» **What the exercise asks**: Return the data exactly, apart from leaving out the pictures.

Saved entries
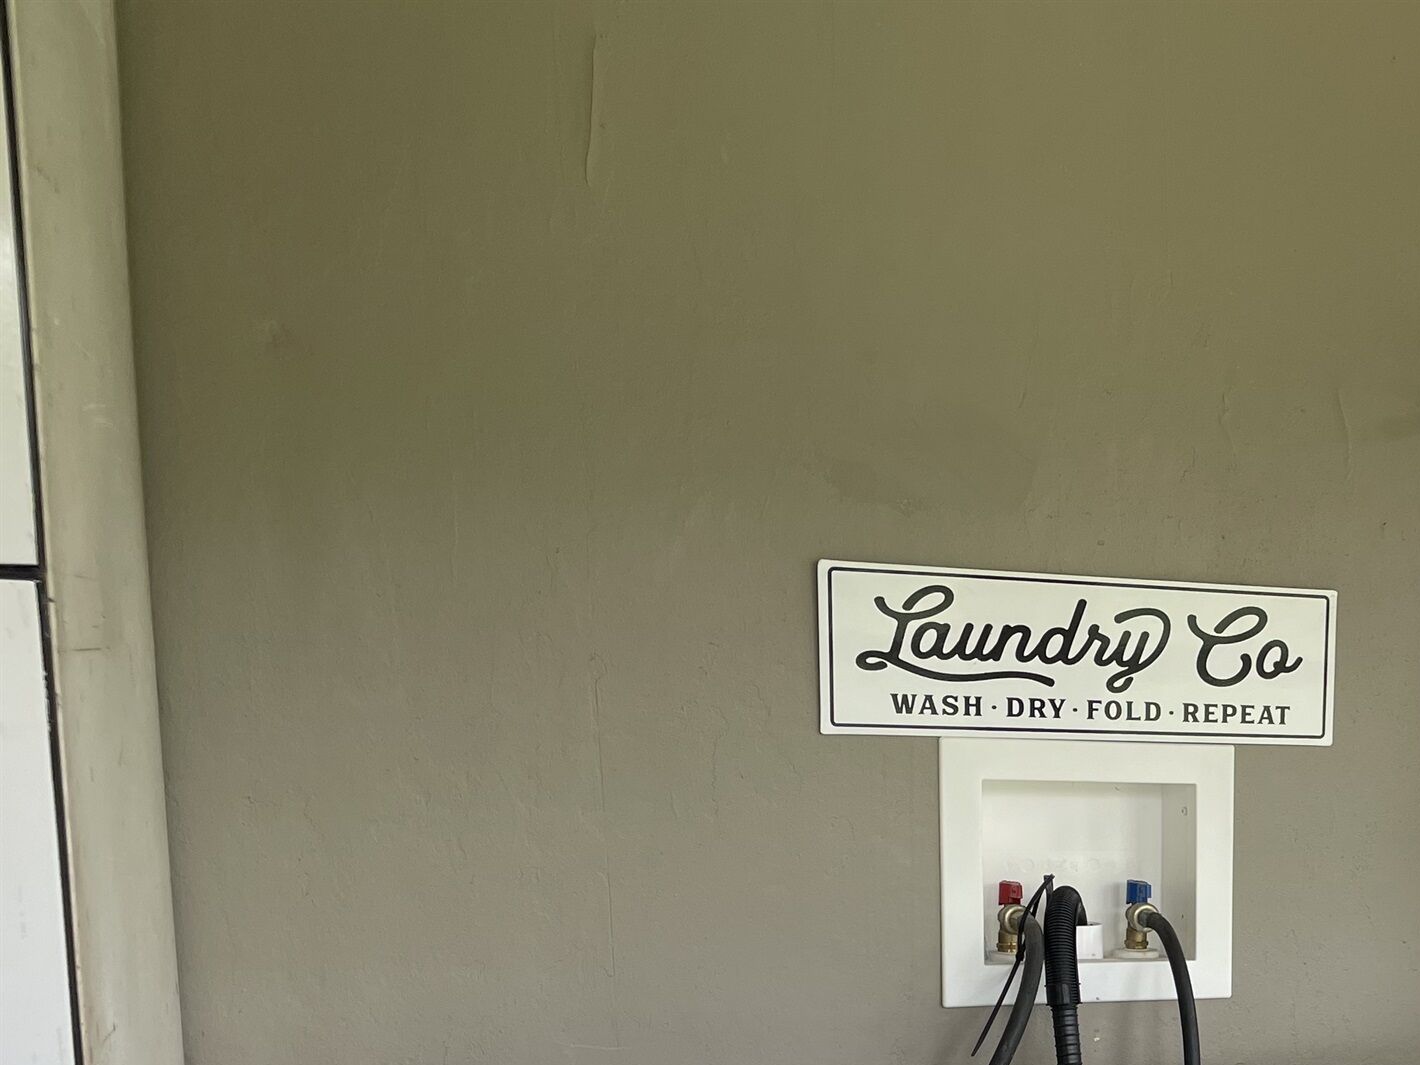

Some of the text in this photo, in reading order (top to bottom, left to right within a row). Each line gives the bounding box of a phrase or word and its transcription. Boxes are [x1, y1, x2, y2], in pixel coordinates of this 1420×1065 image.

[856, 585, 1302, 693] Laundry Co
[890, 693, 1290, 725] WASH DRY FOLD REPEAT
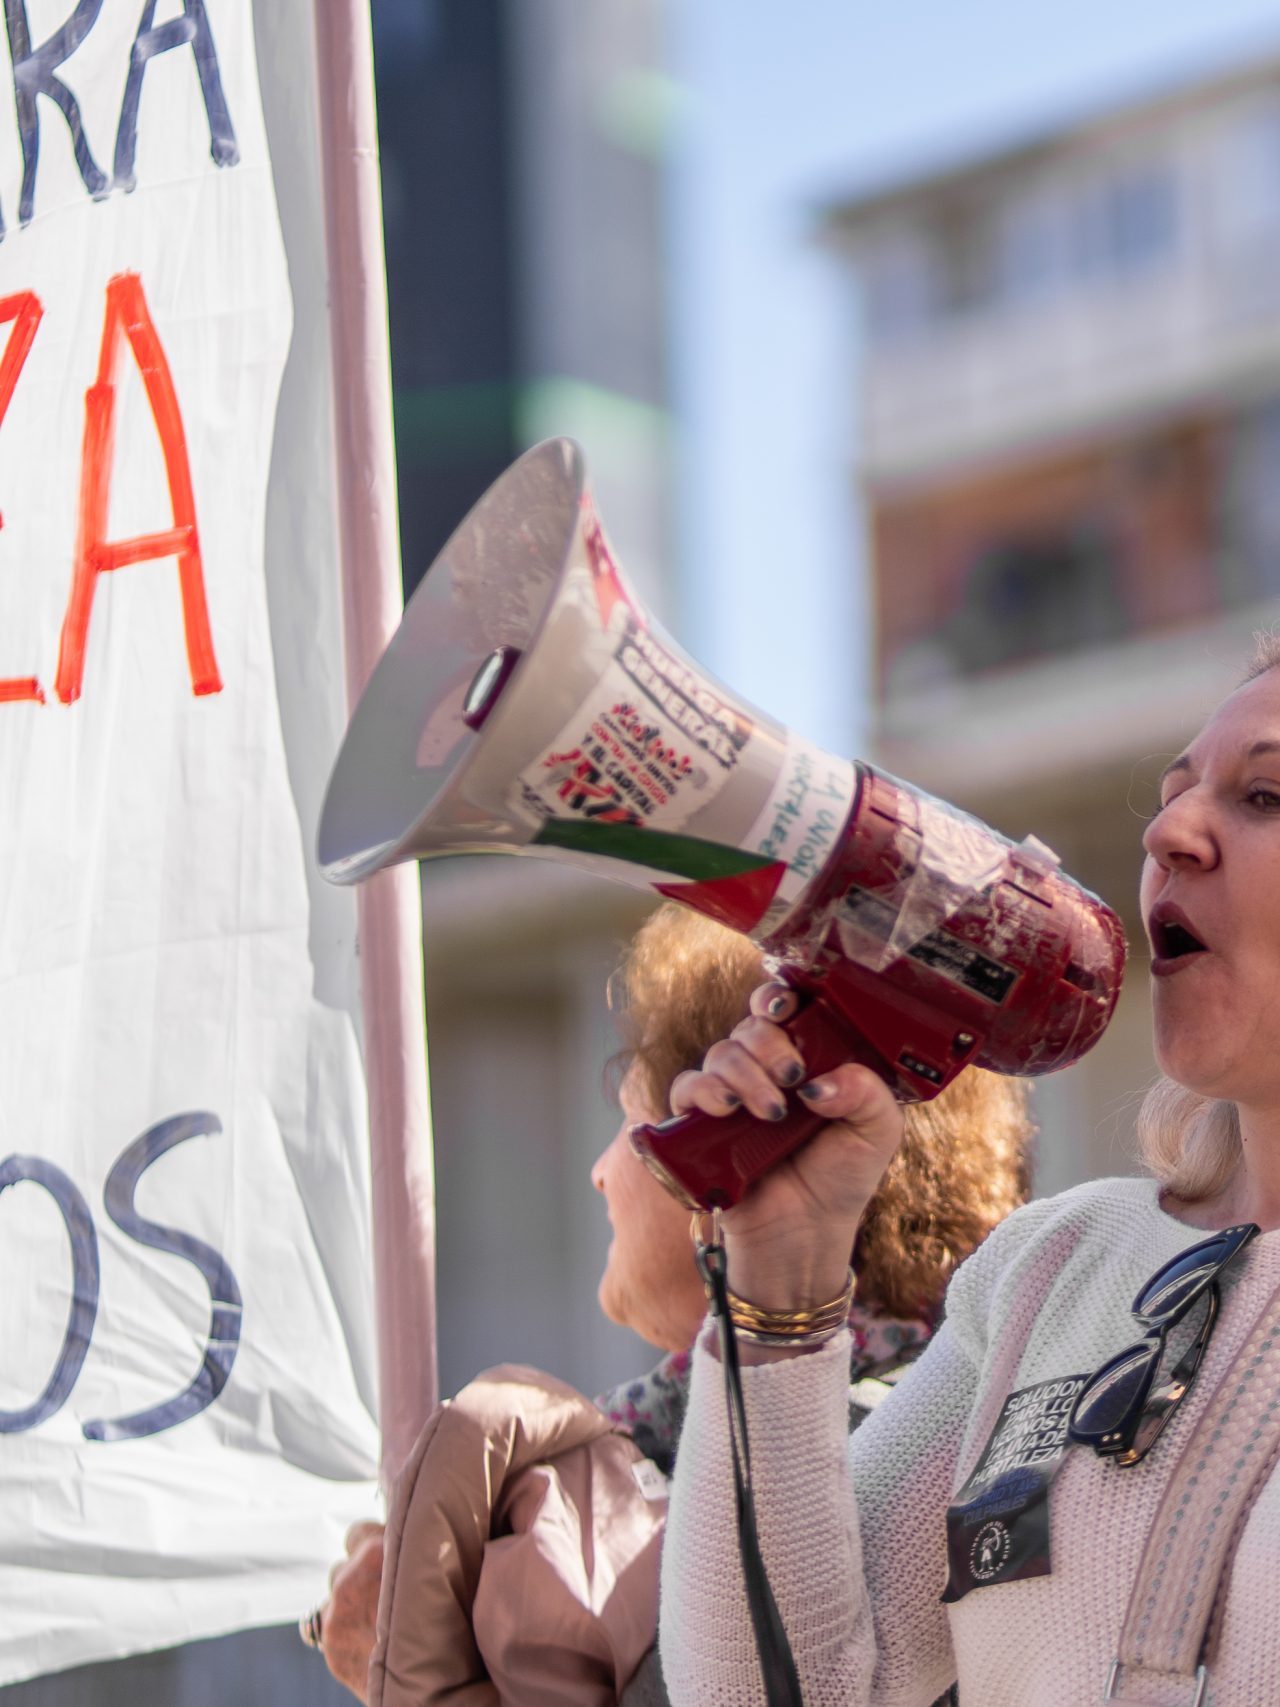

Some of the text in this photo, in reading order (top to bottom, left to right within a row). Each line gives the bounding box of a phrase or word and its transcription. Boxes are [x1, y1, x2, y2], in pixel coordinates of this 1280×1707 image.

[633, 627, 738, 735] HUELGA
[622, 645, 736, 766] GENERAL
[990, 1415, 1058, 1451] VECINOS
[1004, 1400, 1048, 1430] PARA
[1006, 1433, 1039, 1456] UVA
[1039, 1429, 1067, 1448] DE
[969, 1446, 1065, 1488] HORTALEZA
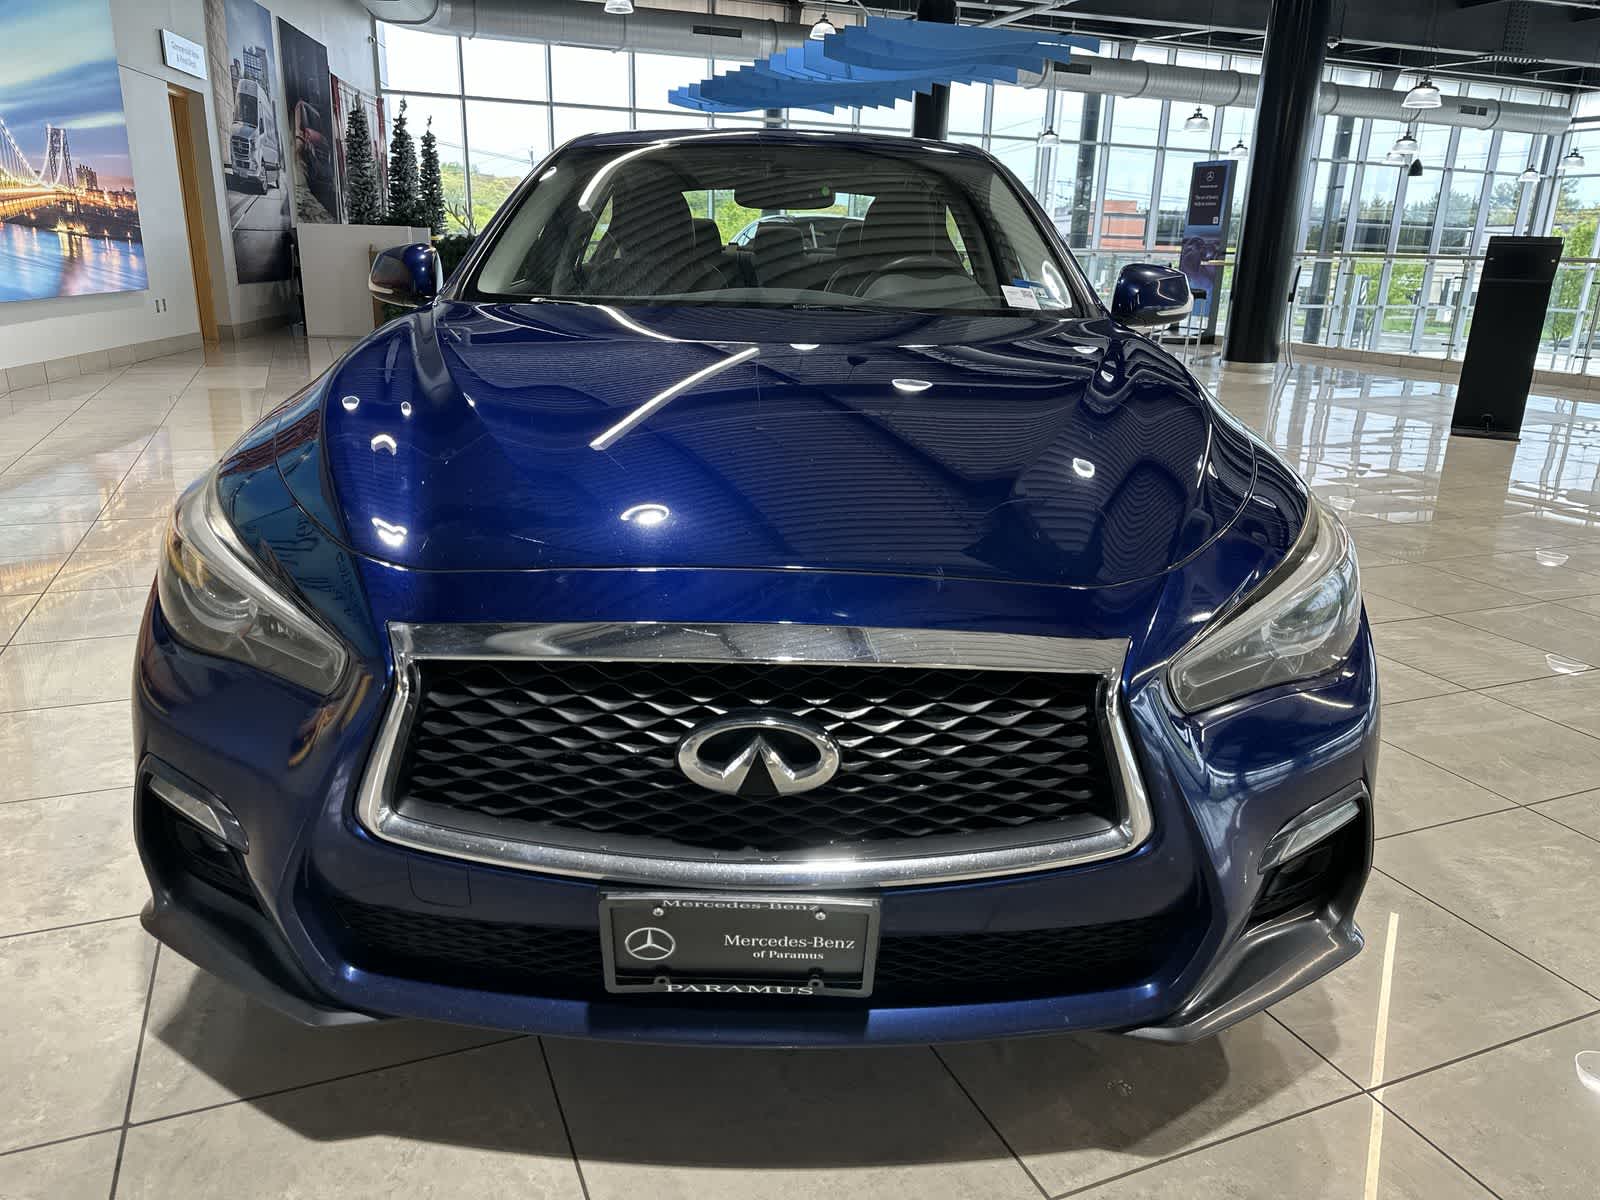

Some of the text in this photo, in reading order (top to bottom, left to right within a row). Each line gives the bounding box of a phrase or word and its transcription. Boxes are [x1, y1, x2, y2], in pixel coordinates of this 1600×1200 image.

[663, 900, 820, 911] Mercedes-Benz
[723, 934, 856, 949] Mercedes-Benz
[752, 950, 824, 960] of Paramus
[666, 984, 814, 995] PARAMUS
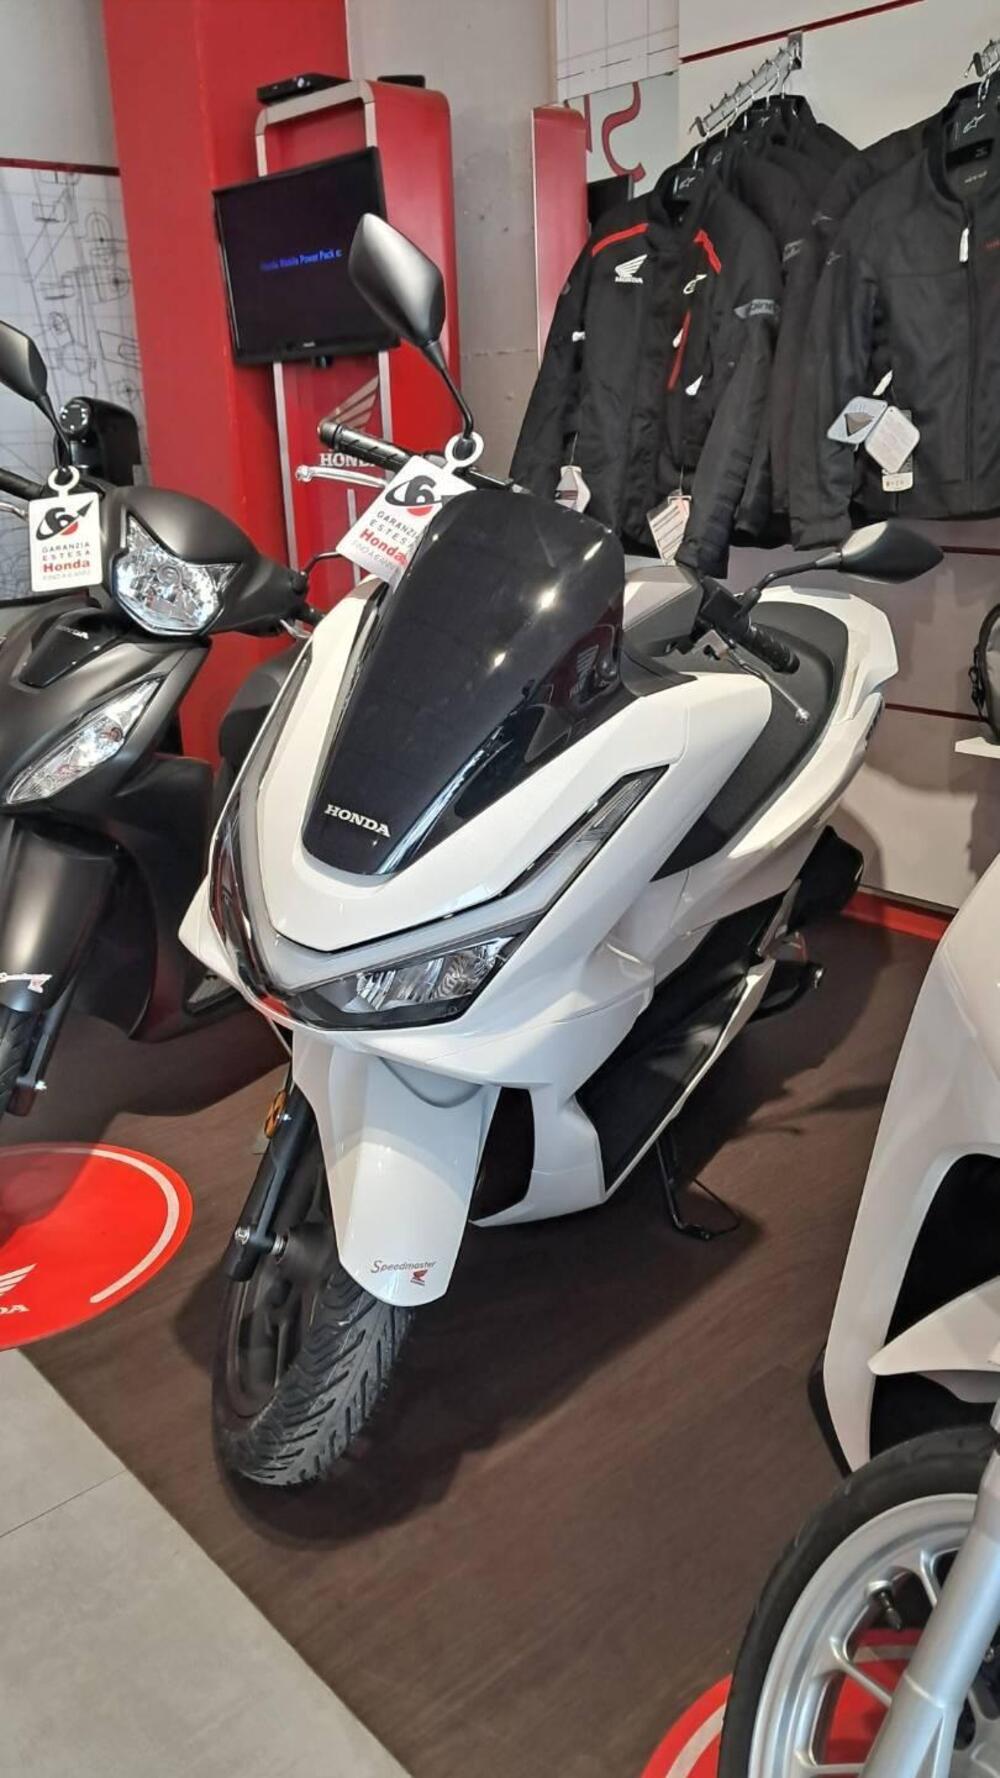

» **Finished task**:
Some of the text in this photo, in reading order (top to bottom, left to right within a row). Each line gives the bounding box of a phrase or word and its transcription. Boxes are [x1, y1, x2, y2], in pixel coordinates of this 1420×1065 image.

[856, 585, 1302, 693] Laundry Co
[890, 693, 1290, 725] WASH DRY FOLD REPEAT

Some of the text in this photo, in reading order (top to bottom, left to right within a row). Each line gives the bounding box of a phrase or word and its transcription. Boxes are [x1, y1, x2, y2], in pixel coordinates of this 1280×1707 image.

[633, 627, 738, 735] HUELGA
[622, 645, 736, 766] GENERAL
[990, 1415, 1058, 1451] VECINOS
[1004, 1400, 1048, 1430] PARA
[1006, 1433, 1039, 1456] UVA
[1039, 1429, 1067, 1448] DE
[969, 1446, 1065, 1488] HORTALEZA

Some of the text in this photo, in reading order (top to bottom, left to right within a row). Each line gives the bounding box of a phrase or word and its transcription. Boxes are [x1, y1, x2, y2], in pixel coordinates of this 1600×1200 image.

[663, 900, 820, 911] Mercedes-Benz
[723, 934, 856, 949] Mercedes-Benz
[752, 950, 824, 960] of Paramus
[666, 984, 814, 995] PARAMUS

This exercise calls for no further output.